La décision

Par Carvage
Notes de l’auteur : Suite du prologue

 

Je ne sais pourquoi, mais j’ai l’impression d’avoir déjà vécu cette scène.

Assise sur le rebord d’une fontaine à l’entrée de la bibliothèque, j’attends. L’écoulement de l’eau trouble à peine la surface du bassin, le son produit demeure paisible et continu. Je fixe mon reflet, et en particulier mes yeux. Une part de moi s’attend à y voir autre chose que mon visage.

Las de ce souvenir qui ne veut revenir, mon regard se perd parmi les lilas et jonquilles qui parfument les parterres du jardin. Entre ces sons et odeurs, j’en oublie presque l’agression que je viens de subir.

Presque.

Car mon sang bouillon encore. Je suis à la fois soulagée d’avoir survécu, et envieuse de reprendre ce combat, ne serait-ce que pour interroger l’homme qui m’a attaquée.

Je jette un œil vers les portes closes de la bibliothèque. À l’intérieur, on discute à propos de mon agresseur. Surtout, on s’apprête à décider de mon sort. Gorion est en pleine discussion avec Ulraunt, le gardien des écrits.

Un sentiment de déjà vue me revient encore, et je m’attends à voir Ulraunt ouvrir en grand les battants et me jeter un regard de haine. Oui, je le vois déjà paré de sa magistrale robe grise venir m’annoncer la sentence.

Hull apparait dans le jardin, avec un air plus réveillé que ce matin :

« Comment te sens-tu ? » me demande-t-il.

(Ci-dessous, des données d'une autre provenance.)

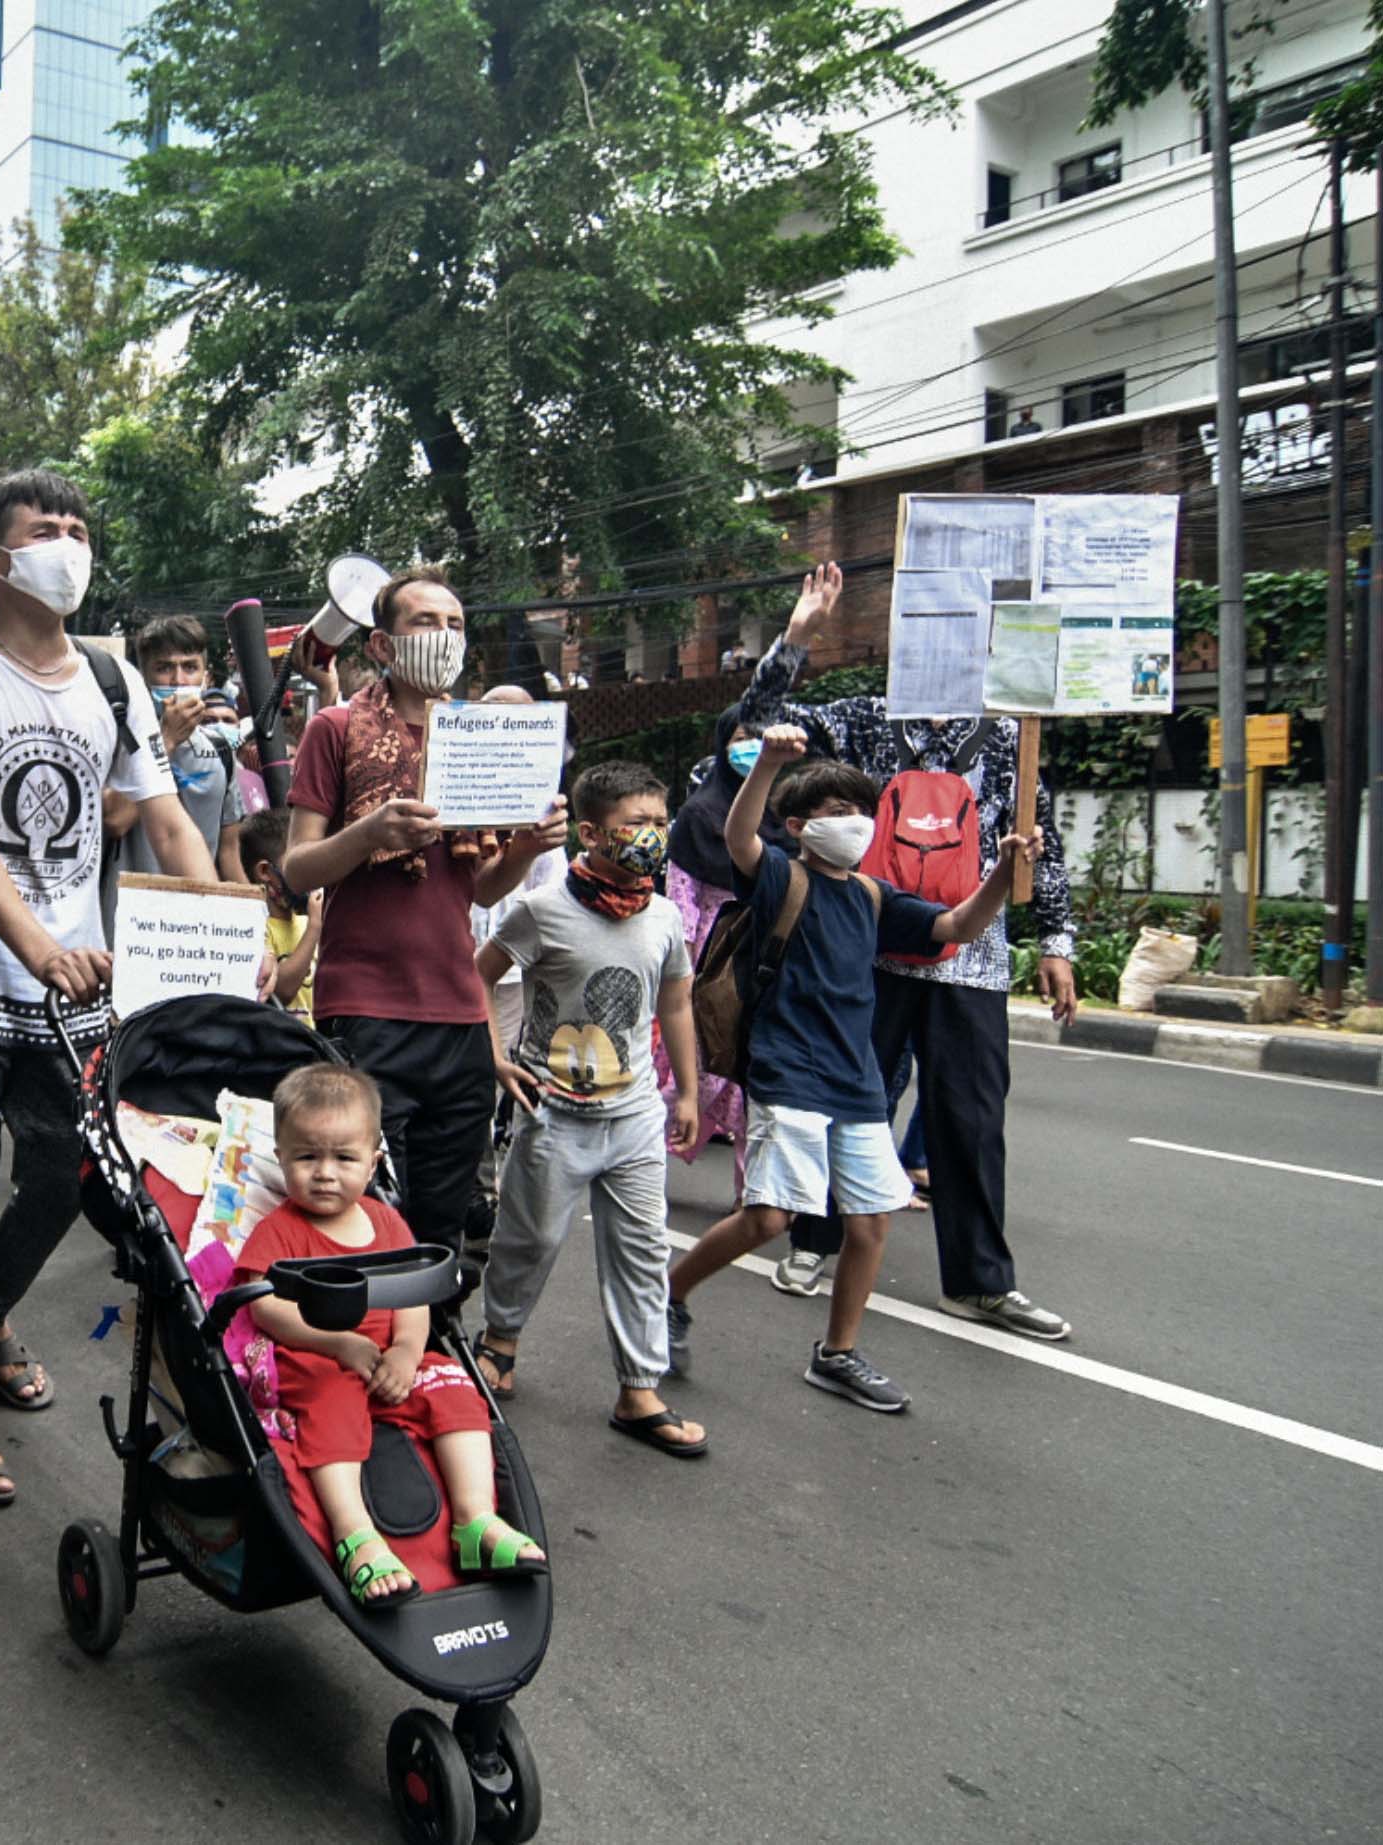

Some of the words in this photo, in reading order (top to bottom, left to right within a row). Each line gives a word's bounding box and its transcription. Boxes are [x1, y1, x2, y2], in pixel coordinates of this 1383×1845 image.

J’ai bien envie de lui hurler de m’ouvrir la porte de la bibliothèque afin d’interroger Gorion. Le vieux connait certainement la raison de cette attaque. Mais Hull n’a pas plus d’autorité que moi dans cette citadelle. J’opte pour une réponse plus aimable : « Bien, Parda a guéri ma blessure. Ma tunique reste trouée et salie de sang, mais je ne ressens plus rien.

— C’est une bonne nouvelle. » Il vient auprès de moi et s’appuie sur son bâton.

Il a des choses à dire, mais en bon garde, il attend que je le questionne un peu. Pas question de le décevoir : « Sais-tu à quelle sauce je vais être mangé ?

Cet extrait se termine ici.